V. Conclusion and Order
Based on the foregoing, the Court finds that Plaintiff states the following claims against the following Defendants: (1) an Eighth Amendment excessive force claim against Defendants Arnett, Gamboa, Potzernitz, Flores, and Jane Doe; and (2) an Eighth Amendment failure to protect claim against Defendant CL Marsh. All other claims and Defendants are subject to dismissal for the reasons stated supra.
The Court will grant Plaintiff an opportunity to file an amended complaint consistent with the foregoing. Noll v. Carlson, 809 F.2d 1446, 1448-49 (9th Cir. 1987). If Plaintiff does not wish to file a second amended complaint, and he is agreeable to proceeding only on the claims found to be cognizable, he may file a notice informing the Court that he does not intend to amend, and he is willing to proceed only on his cognizable claims. The other Defendants then will be dismissed, and the Court will provide Plaintiff with the requisite forms to complete and return so that service of process may be initiated.

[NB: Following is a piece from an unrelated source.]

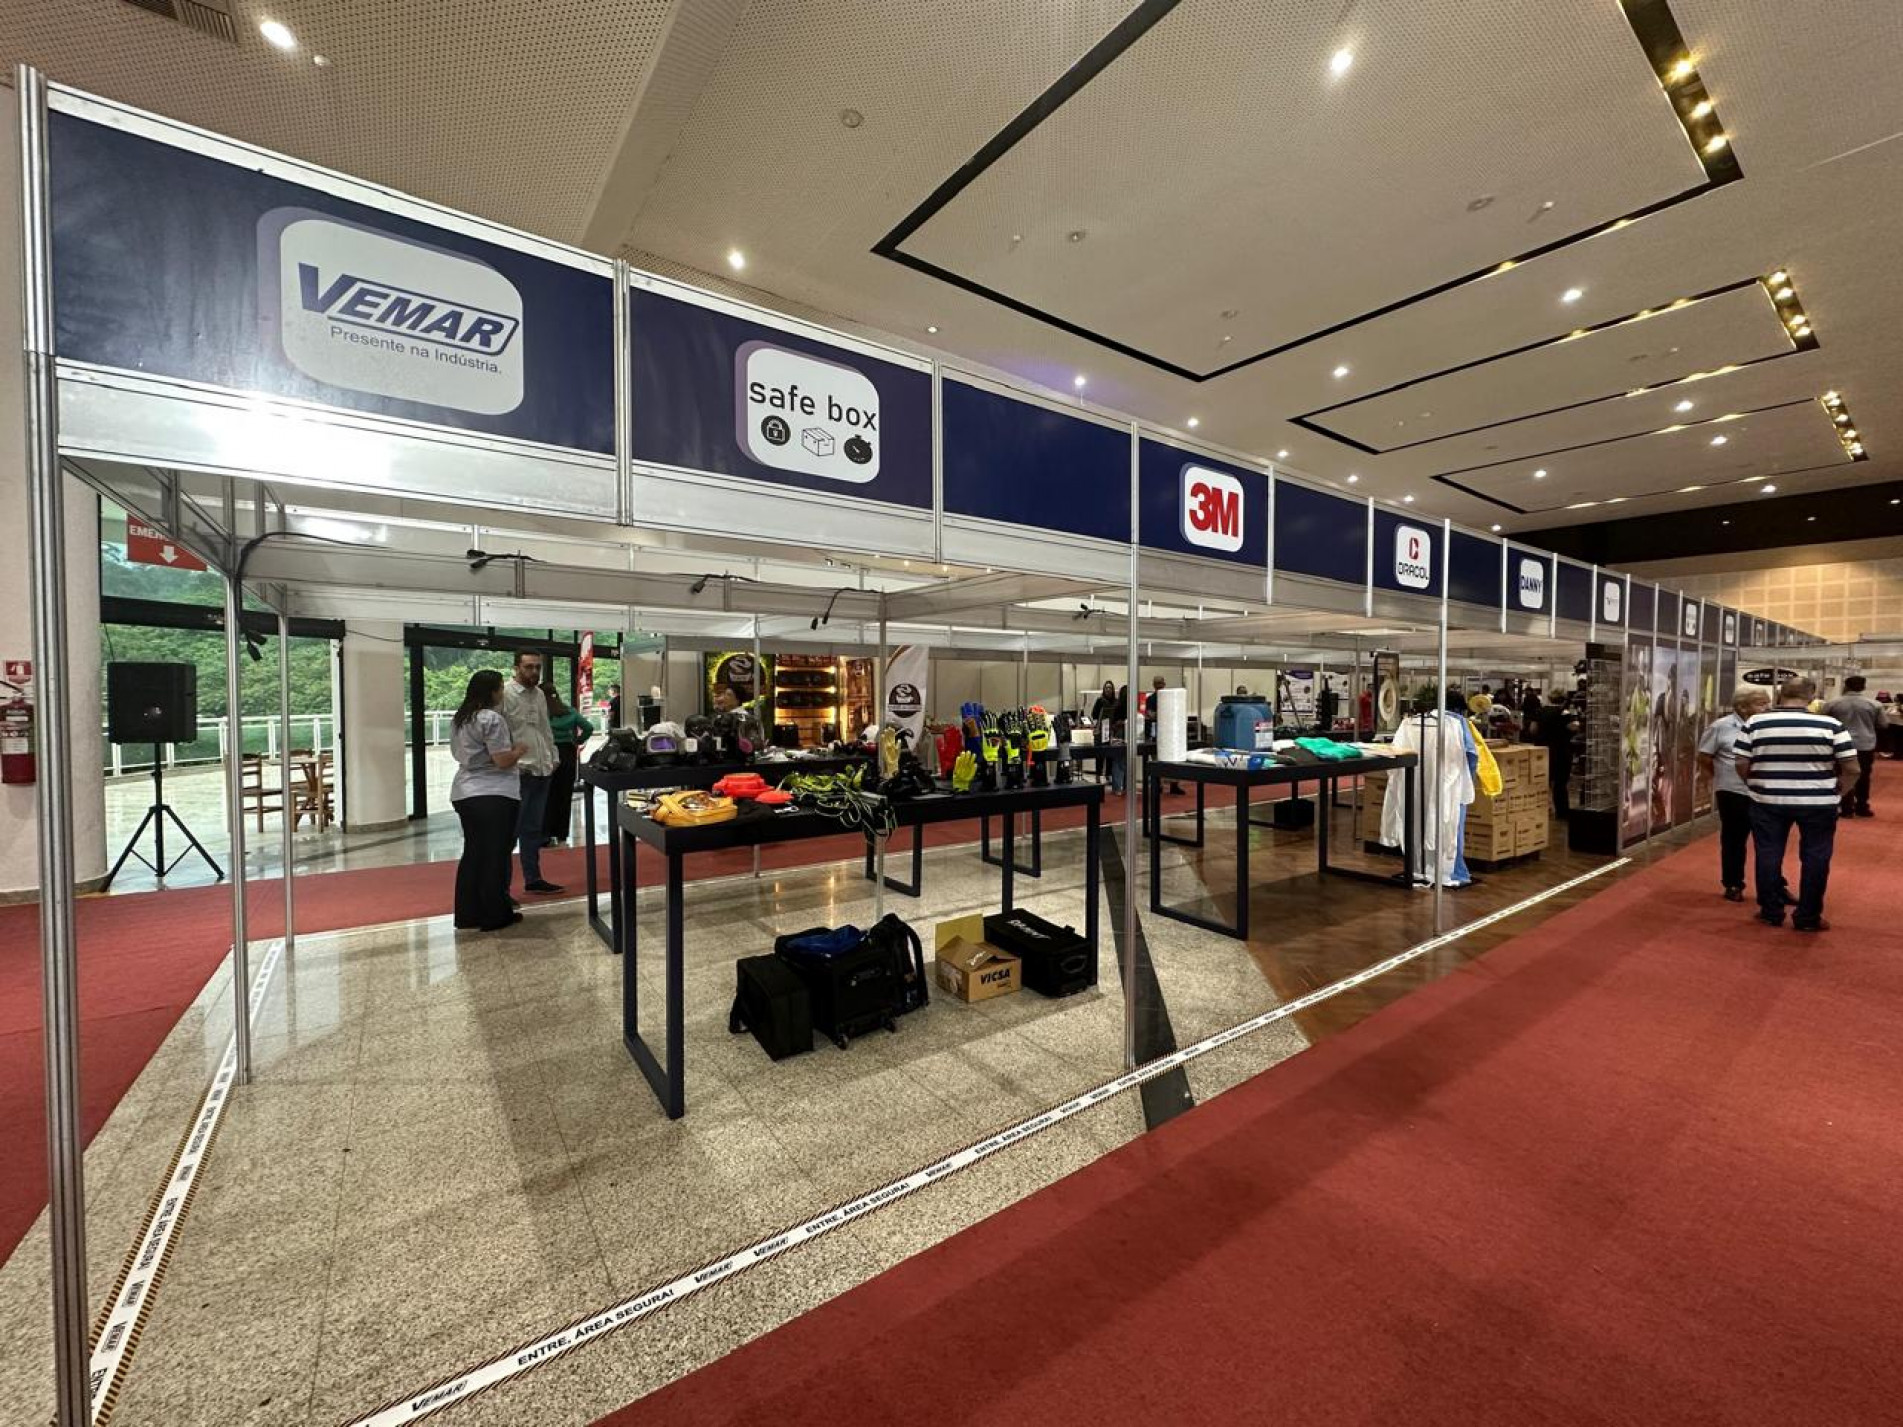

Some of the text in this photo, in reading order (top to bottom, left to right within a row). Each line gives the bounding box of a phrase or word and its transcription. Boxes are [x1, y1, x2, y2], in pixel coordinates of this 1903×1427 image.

If Plaintiff opts to amend, he must demonstrate that the alleged acts resulted in a deprivation of his constitutional rights. Iqbal, 556 U.S. at 677-78. Plaintiff must set forth "sufficient factual matter . . . to 'state a claim that is plausible on its face.'" Id. at 678 (quoting Twombly, 550 U.S. at 555). Plaintiff must also demonstrate that each named Defendant personally participated in a deprivation of his rights. Jones v. Williams, 297 F.3d 930, 934 (9th Cir. 2002).

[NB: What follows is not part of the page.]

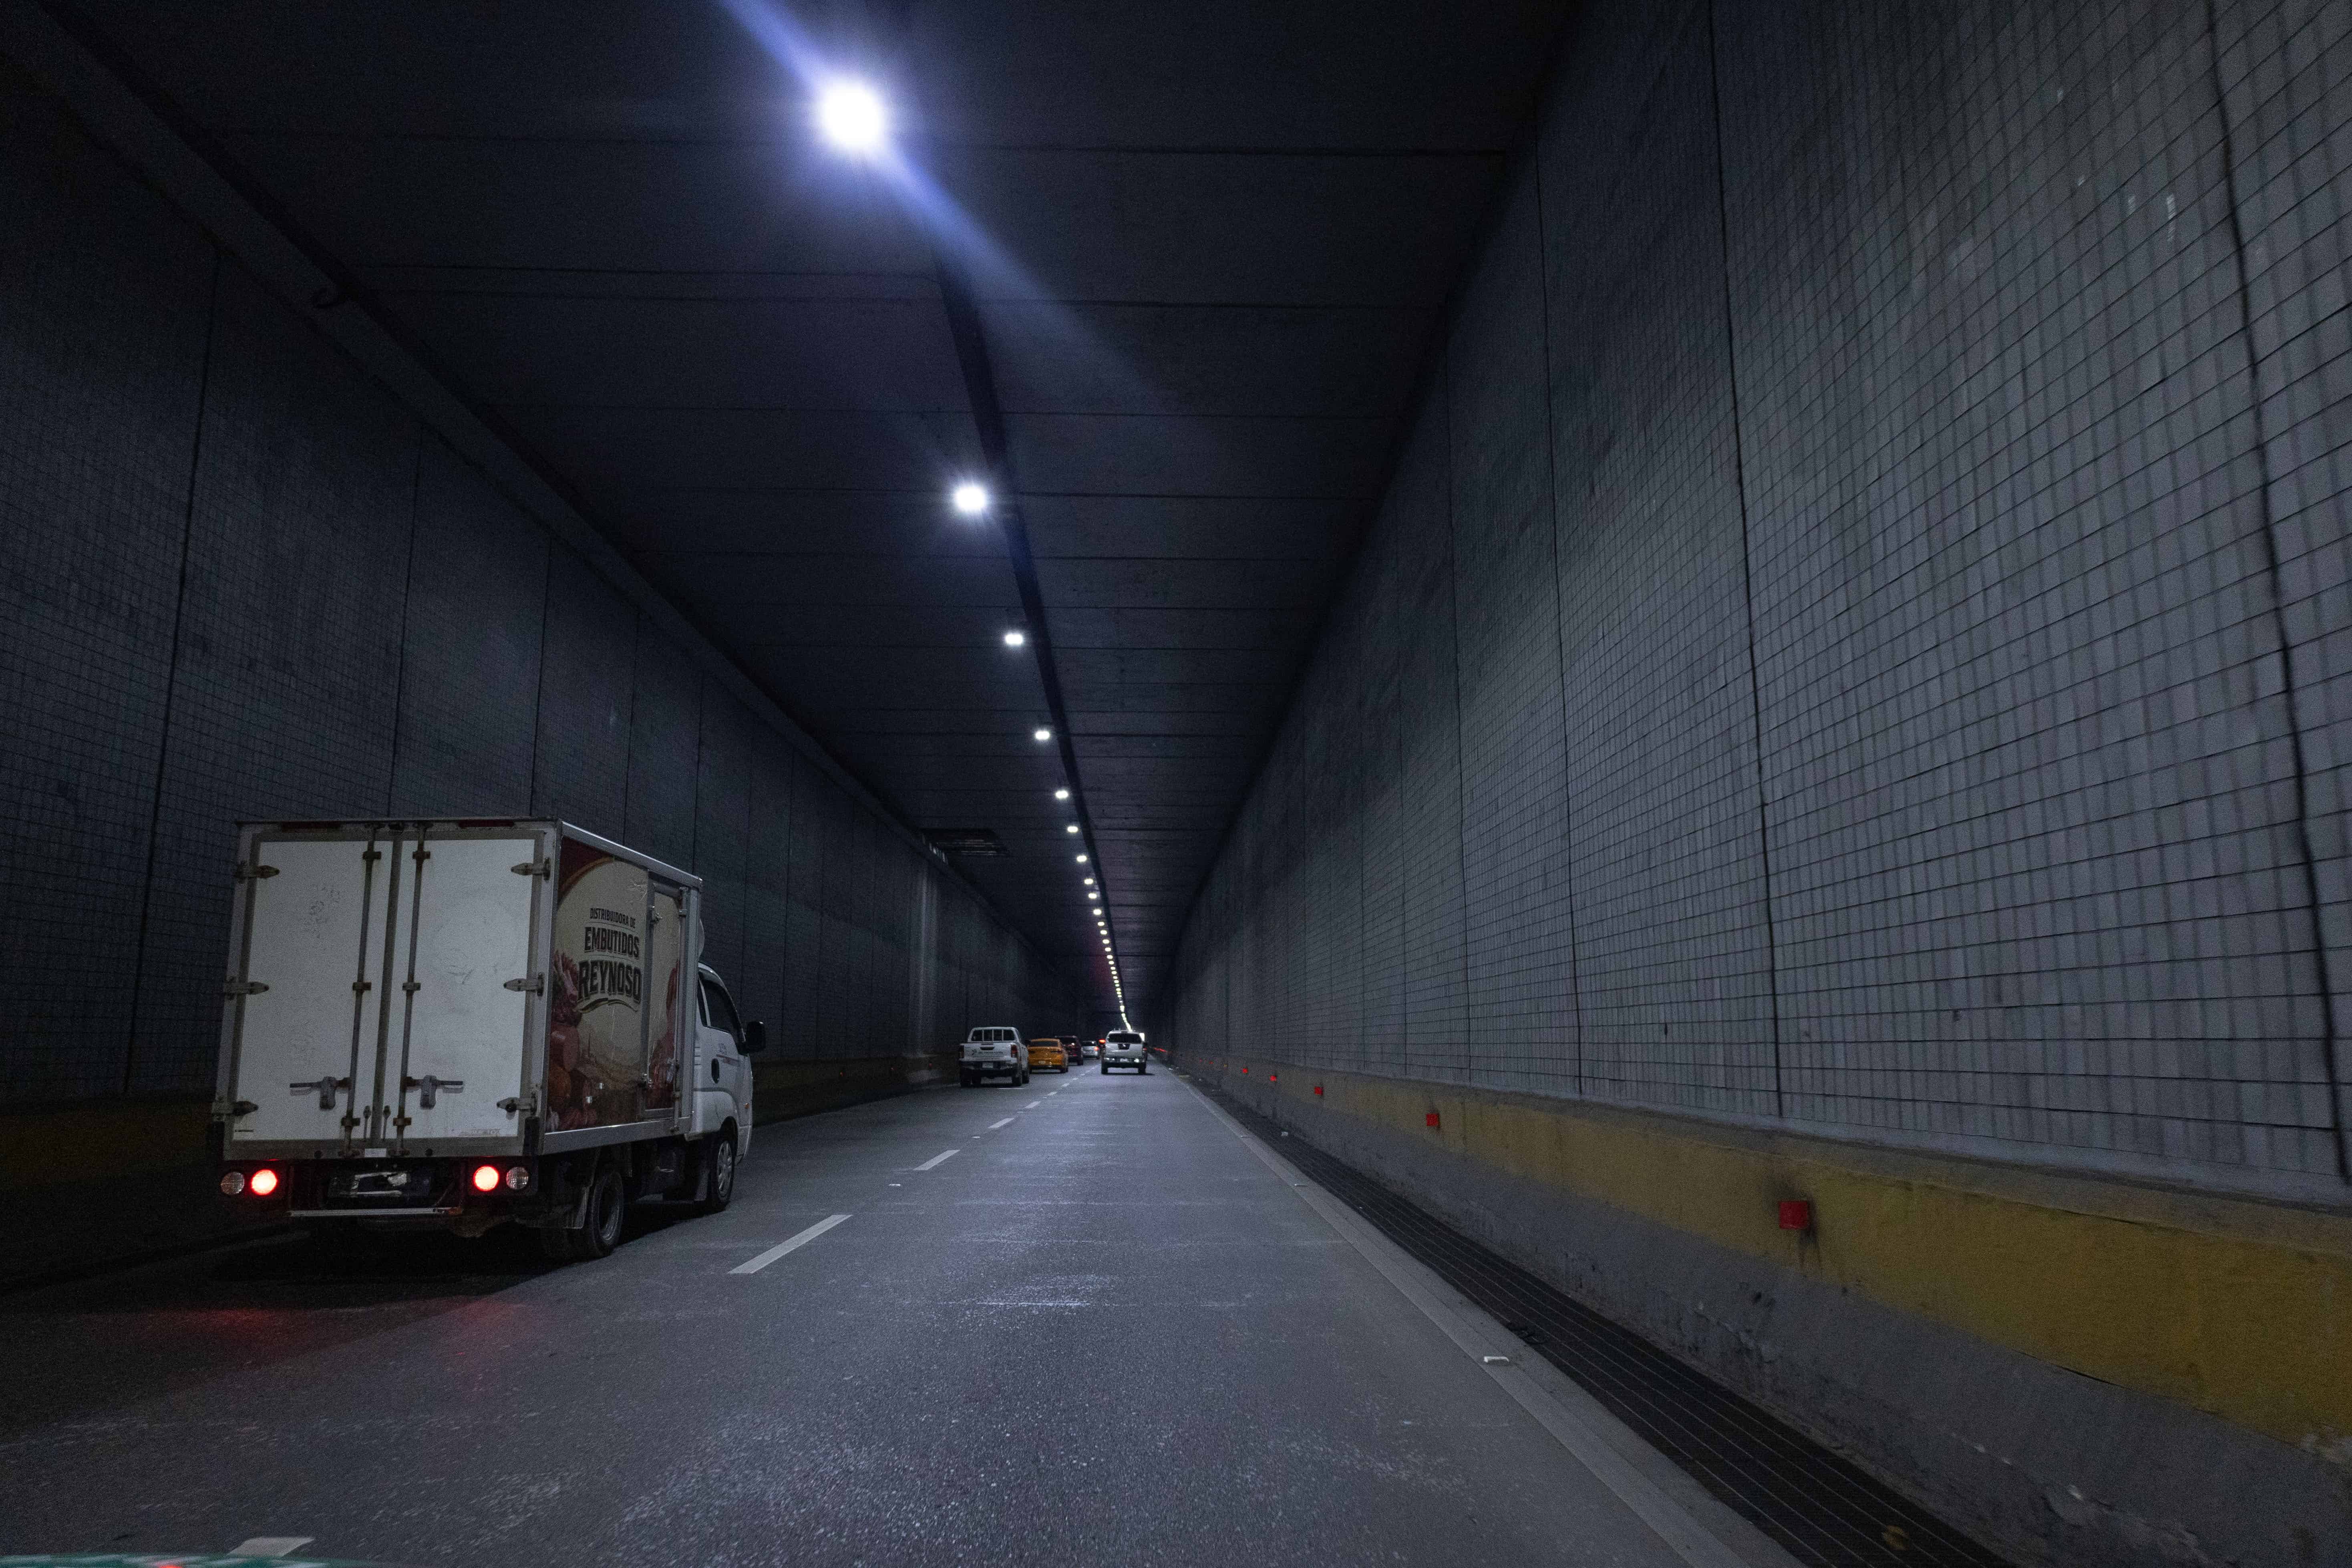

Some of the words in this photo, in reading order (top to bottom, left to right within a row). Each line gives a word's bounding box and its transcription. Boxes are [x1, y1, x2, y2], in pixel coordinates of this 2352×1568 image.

Plaintiff again is advised that, although he has been given the opportunity to amend, it is not for the purposes of adding new claims. George, 507 F.3d at 607. Plaintiff should carefully read this Screening Order and focus his efforts on curing the deficiencies set forth above.
Finally, Plaintiff is advised that Local Rule 220 requires that an amended complaint be complete in itself without reference to any prior pleading. As a general rule, an amended complaint supersedes the original complaint. See Loux v. Rhay, 375 F.2d 55, 57 (9th Cir. 1967). Once an amended complaint is filed, the original complaint no longer serves any function in the case. Therefore, in an amended complaint, as in an original complaint, each claim and the involvement of each defendant must be sufficiently alleged. The amended complaint should be clearly and boldly titled "First Amended Complaint," refer to the appropriate case number, and be an original signed under penalty of perjury. Plaintiff's amended complaint should be brief. Fed. R. Civ. P. 8(a). Although accepted as true, the "[f]actual allegations must be [sufficient] to raise a right to relief above the speculative level . . . ." Twombly, 550 U.S. at 555 (citations omitted).

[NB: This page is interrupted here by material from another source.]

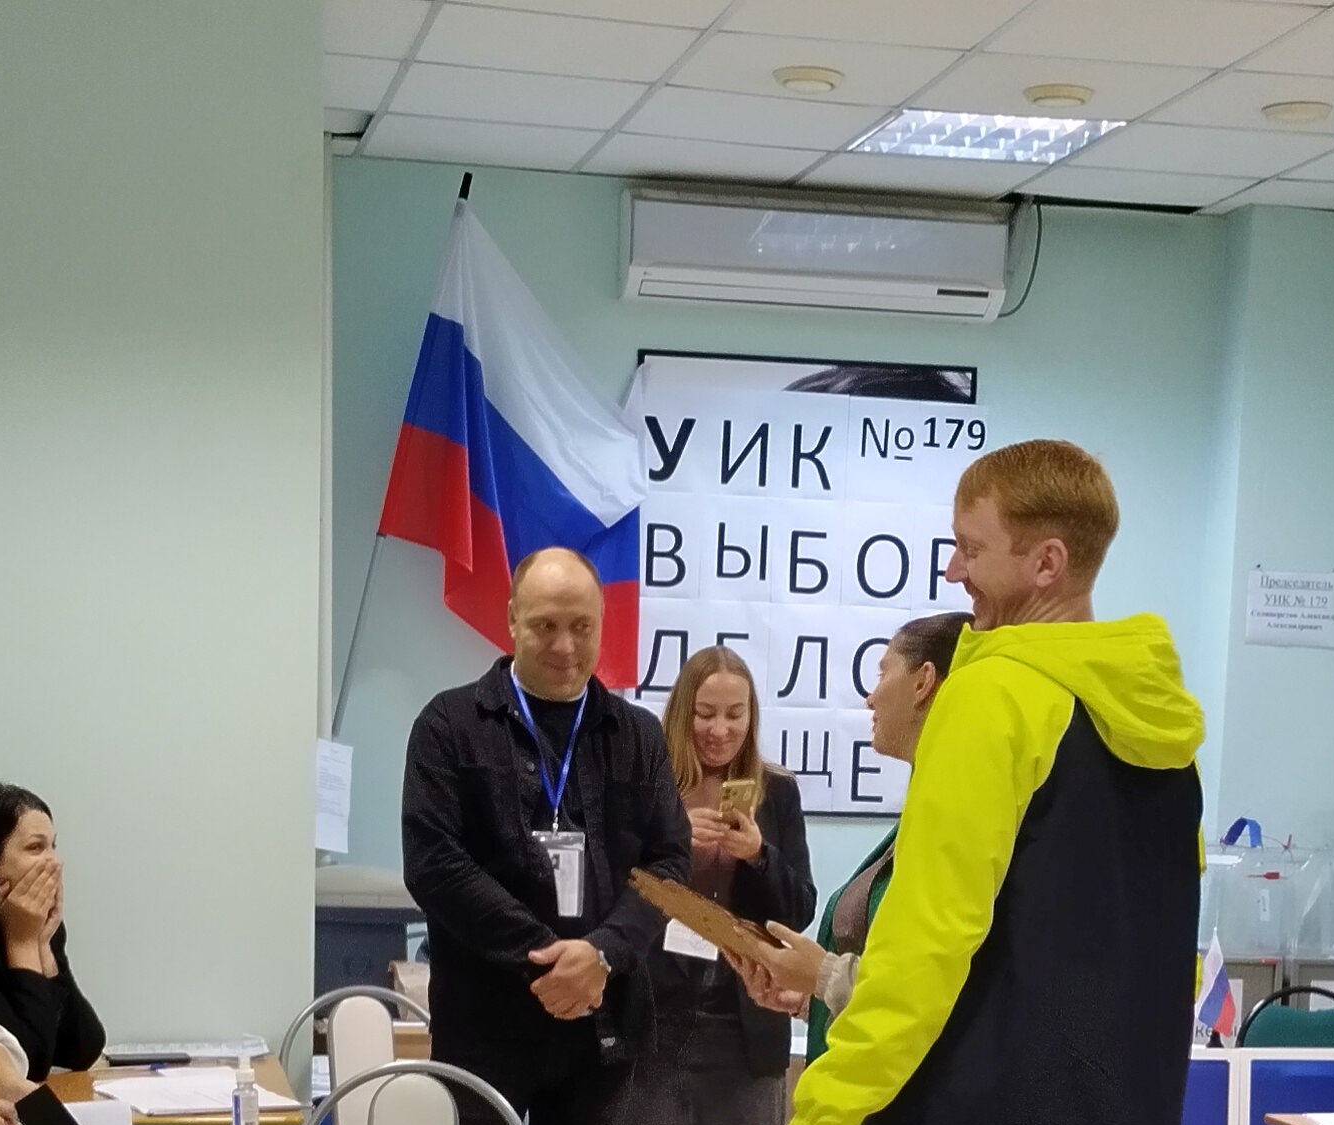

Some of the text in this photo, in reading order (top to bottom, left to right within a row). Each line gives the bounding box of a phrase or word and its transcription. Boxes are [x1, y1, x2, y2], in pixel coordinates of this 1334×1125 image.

[644, 415, 987, 490] УИК № 179
[1259, 575, 1333, 590] Председатель
[1265, 594, 1328, 608] УИК № 179
[635, 629, 890, 700] ДЛО

Accordingly, it is HEREBY ORDERED that:
1. Within thirty (30) days from the service of this order, Plaintiff must either:
a. File a second amended complaint curing the deficiencies identified by the Court in this order, or
b. Notify the Court in writing that he does not wish to file a second amended complaint and that he is willing to proceed only on the claims found to be cognizable in this order;
IT IS SO ORDERED.
2. The Clerk's Office shall send Plaintiff (1) a blank civil rights complaint form and (2) a copy of his first amended complaint, filed December 10, 2015;
3. If Plaintiff fails to file a second amended complaint or notify the Court in writing that he wishes to proceed only on his cognizable claims, in compliance with this order, the Court will dismiss this action, with prejudice, for failure to comply with a court order and failure to prosecute.